Deontay Wilder being willing to fight Oleksandr Usyk is not a surprise — but it is worth paying attention to.
Shelly Finkel, Wilder's co-manager, has gone on record confirming that the Bronze Bomber would welcome a showdown with the undisputed heavyweight champion. Not a hint, not a rumour doing the rounds on social media — a direct statement from the man who helps run Wilder's career. That changes the conversation slightly.
What Wilder Actually Has to Gain Here
Let's not dress this up. Wilder has lost two of his last three fights. His war of attrition with Tyson Fury ended in that savage seventh-round KO defeat in their trilogy closer, and he was then stopped by Robert Helenius in 2022. His credibility as a genuine elite-level threat has taken a beating, no pun intended.
But that's precisely why a fight with Usyk would make sense for him — or at least for the people around him. Usyk, the dominant champion who unified all four heavyweight belts and beat Tyson Fury, is the biggest name in the division right now. For Wilder, simply being associated with a fight of that magnitude puts him back in the conversation. Win and it's the greatest comeback the division has seen in years. Lose and, well, you lost to the best in the world — it doesn't necessarily define you.
The question is whether Usyk's camp sees any value in it the other way around.
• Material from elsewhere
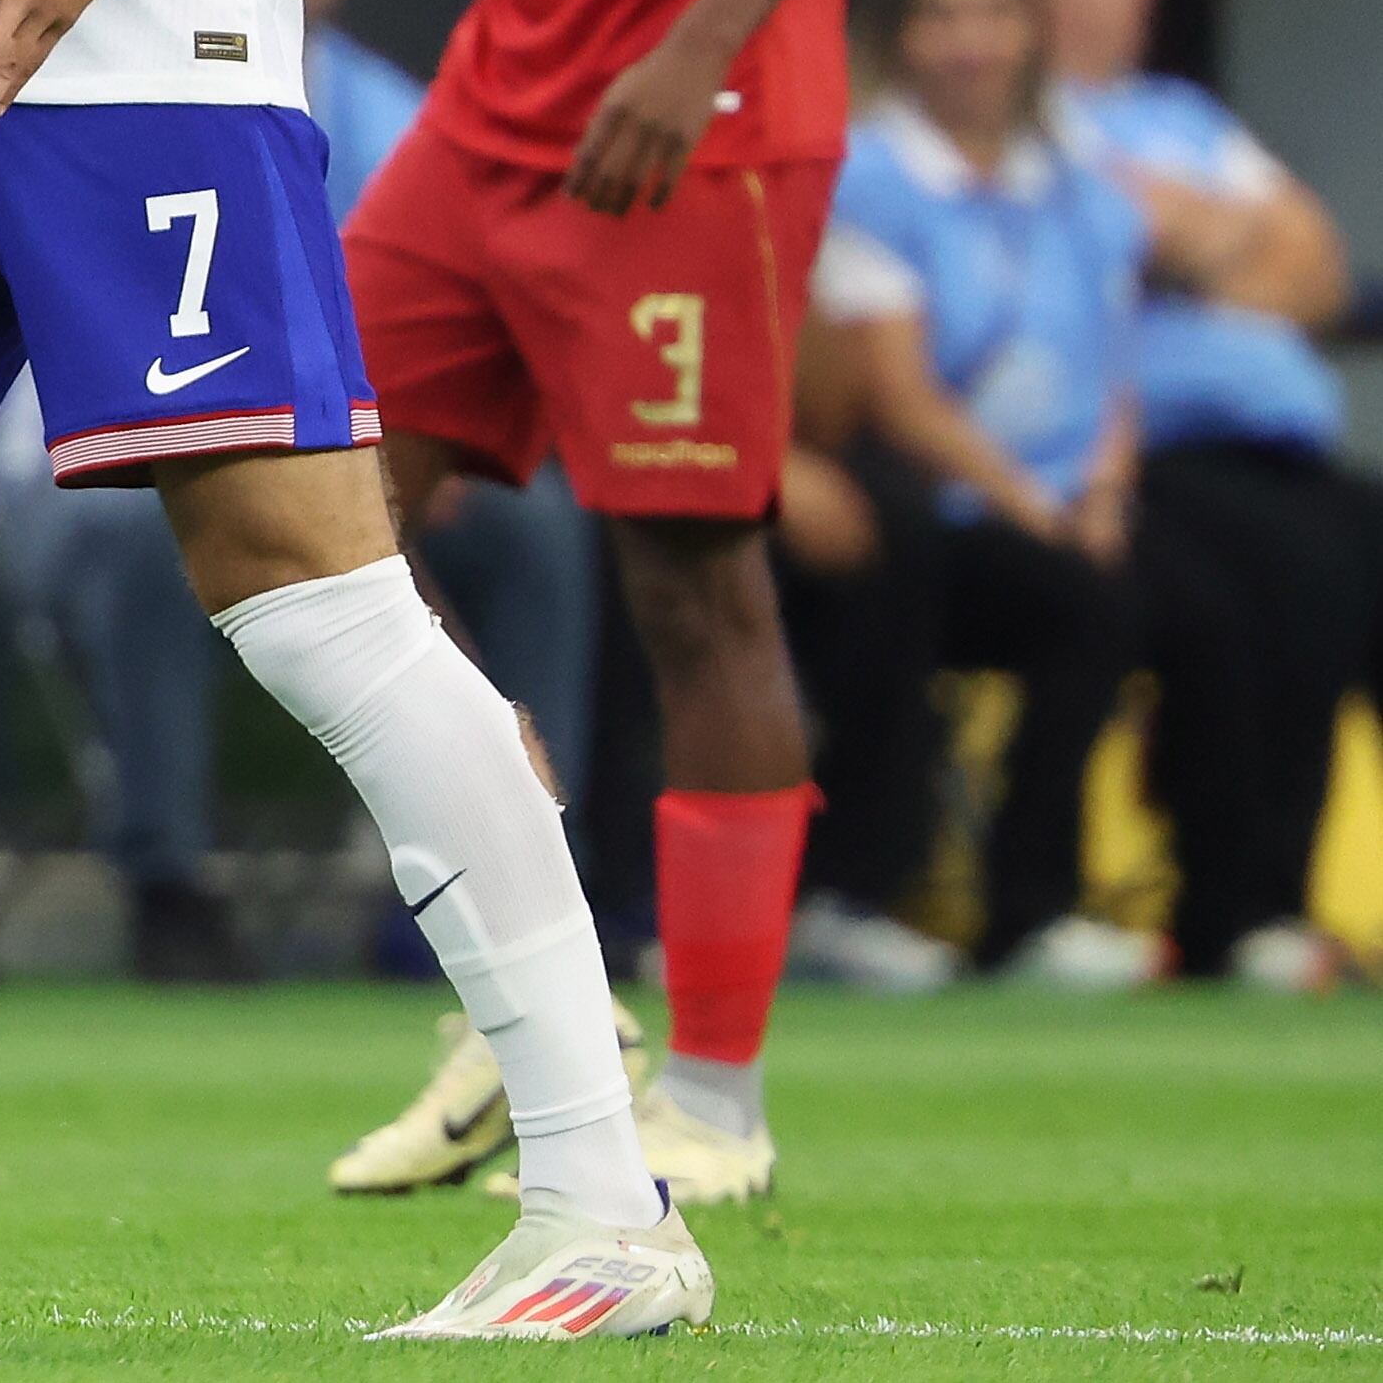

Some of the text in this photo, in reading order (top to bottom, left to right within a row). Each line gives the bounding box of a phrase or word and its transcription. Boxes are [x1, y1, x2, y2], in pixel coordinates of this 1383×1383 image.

[145, 189, 219, 337] 7
[630, 292, 704, 429] 3
[560, 1256, 657, 1283] F50
Usyk has nothing obvious to gain from fighting a Wilder who is no longer the knockout threat he was at his devastating peak. The appeal would be commercial more than sporting.
Where Does This Actually Fit in the Heavyweight Picture?
The division is messier and more interesting than it's been in a long time. [Agit Kabayel has made clear he's open to defending his WBC title against the biggest names around](/getohedz/boxing/kabayel-offers-fury-aj-and-itauma-the-chance-to-fight), and we're still waiting to see whether the Fury vs Joshua fight finally gets over the line — the Wembley conversations continue in the background. Everyone is manoeuvring, everyone is positioning.
That context matters here. Finkel's comments about Wilder welcoming Usyk could be as much about keeping Wilder relevant in a crowded landscape as anything else. When multiple big fights are being discussed simultaneously, you want your fighter's name in as many of those discussions as possible. It's basic positioning.
Wilder still carries genuine one-punch danger — nobody who watched him in his prime would dismiss that — but the version of him that opponents need to fear is no longer a certainty to turn up. Usyk would know that, and so would his team.
Our Take
We respect Finkel putting it out there publicly. That's how you move fights forward rather than letting them die in private conversations nobody ever hears about. But we'd need to see a lot more than a co-manager's statement before we start getting excited about this one landing.
Wilder needs this fight more than Usyk does. That imbalance tends to kill negotiations before they begin. If Usyk's team decides there's enough commercial pull — and Wilder's name still carries weight in the States — then maybe this has legs. Until then, file it under "sounds good, let's see."